→ Exercise prompt: The records underneath are to be printed in full and exactly, with no pictures carried over.

[Data excerpts]
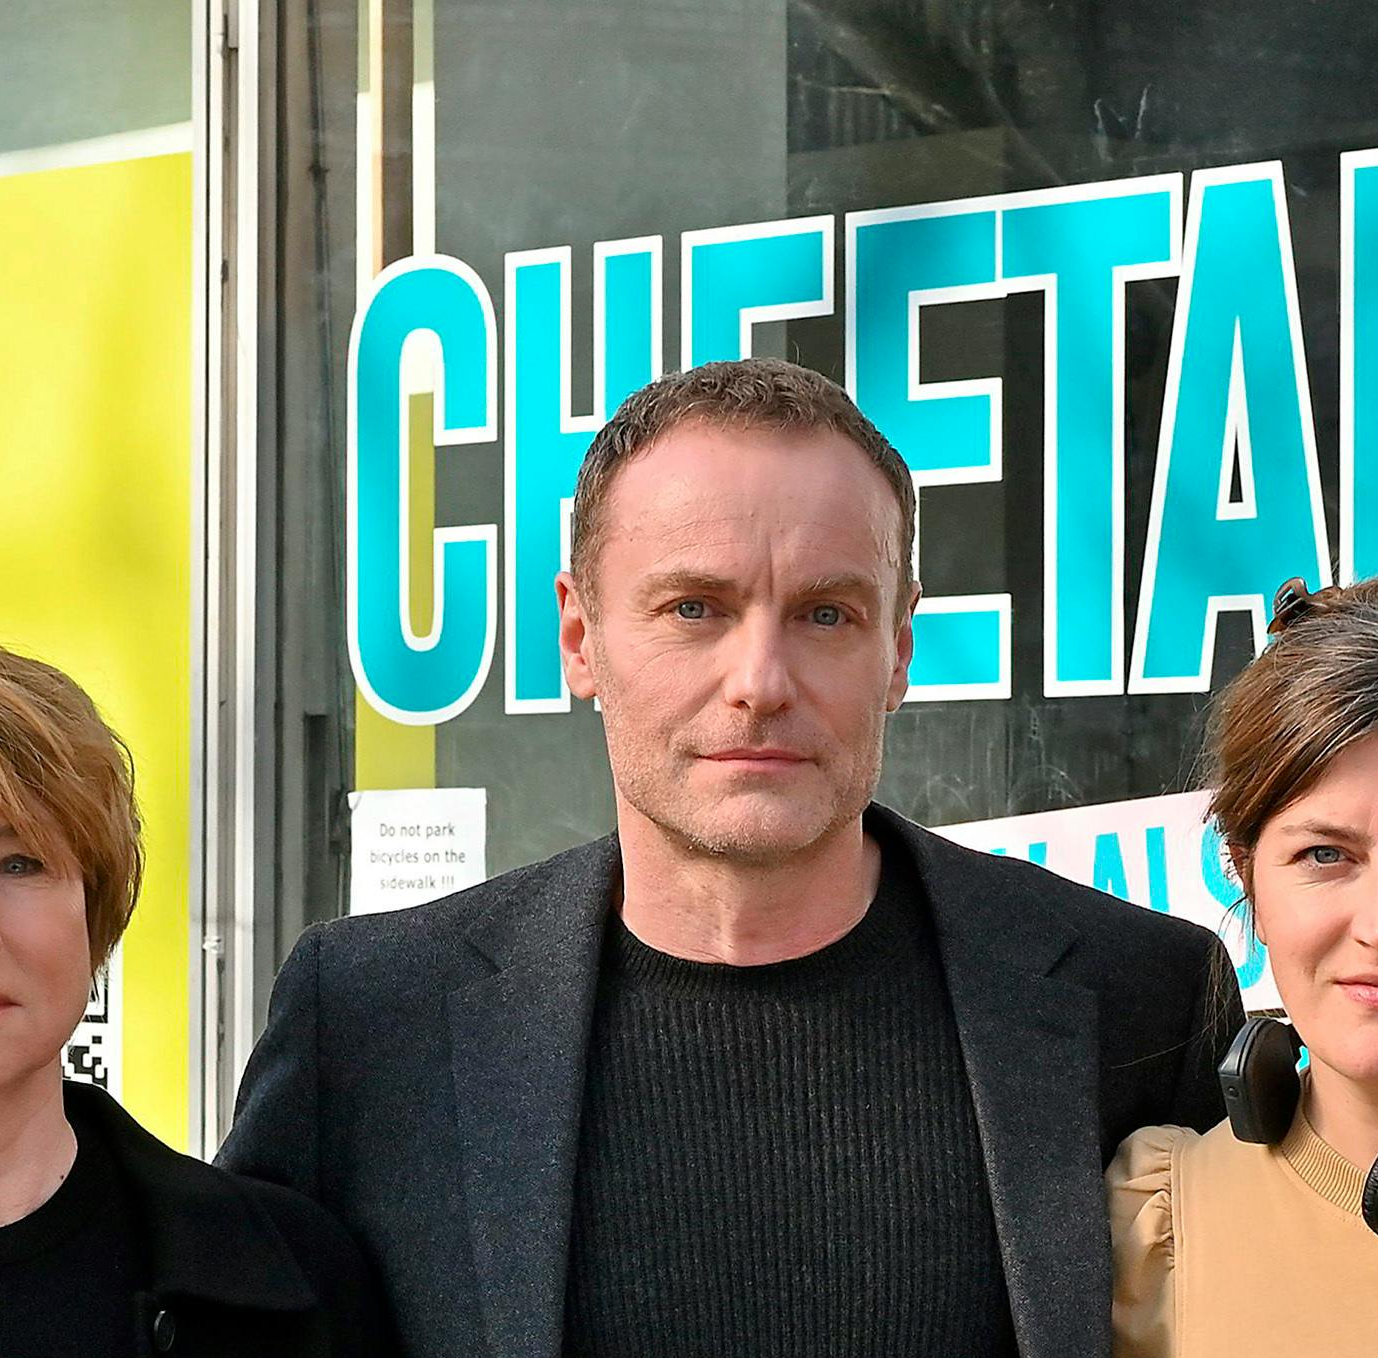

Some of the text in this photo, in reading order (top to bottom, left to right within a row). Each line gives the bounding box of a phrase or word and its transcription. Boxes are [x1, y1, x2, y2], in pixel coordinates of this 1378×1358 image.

[379, 822, 455, 839] Do not park
[370, 850, 466, 865] bicycles on the
[380, 876, 455, 889] sidewalk !!!
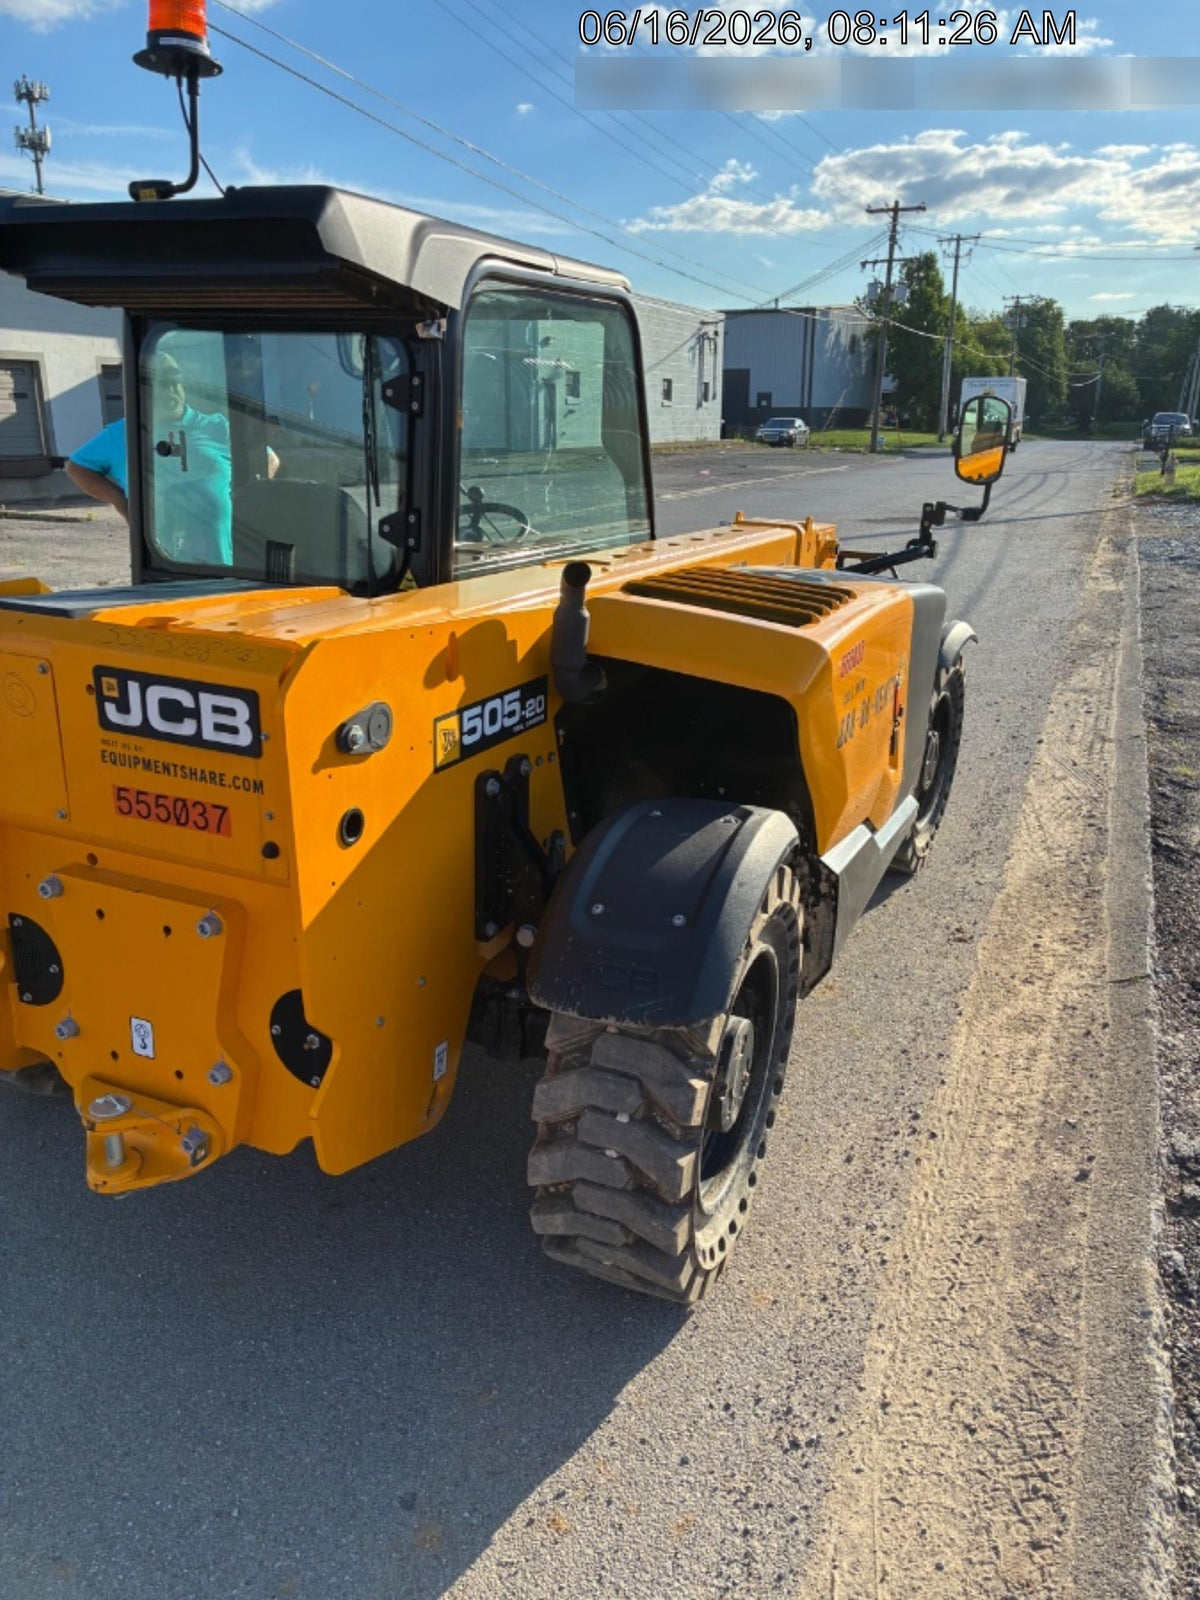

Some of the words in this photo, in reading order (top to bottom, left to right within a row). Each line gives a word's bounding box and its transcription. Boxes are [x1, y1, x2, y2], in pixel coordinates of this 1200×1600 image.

[104, 680, 253, 747] JCB
[101, 750, 264, 795] EQUIPMENTSHARE.COM
[116, 787, 228, 834] 555037

→ Expected output:
Some of the text in this photo, in reading order (top to bottom, left to right within a row). Each line gives the bounding box of a phrase or word and its transcription. Boxes are [x1, y1, x2, y2], in pixel coordinates of this 1378×1358 image.

[379, 822, 455, 839] Do not park
[370, 850, 466, 865] bicycles on the
[380, 876, 455, 889] sidewalk !!!

Some of the words in this photo, in reading order (top to bottom, left to right within a row). Each line gives a word's bounding box and its transcription. Boxes are [x1, y1, x2, y2], in pixel coordinates of this 1200×1600 image.

[104, 680, 253, 747] JCB
[101, 750, 264, 795] EQUIPMENTSHARE.COM
[116, 787, 228, 834] 555037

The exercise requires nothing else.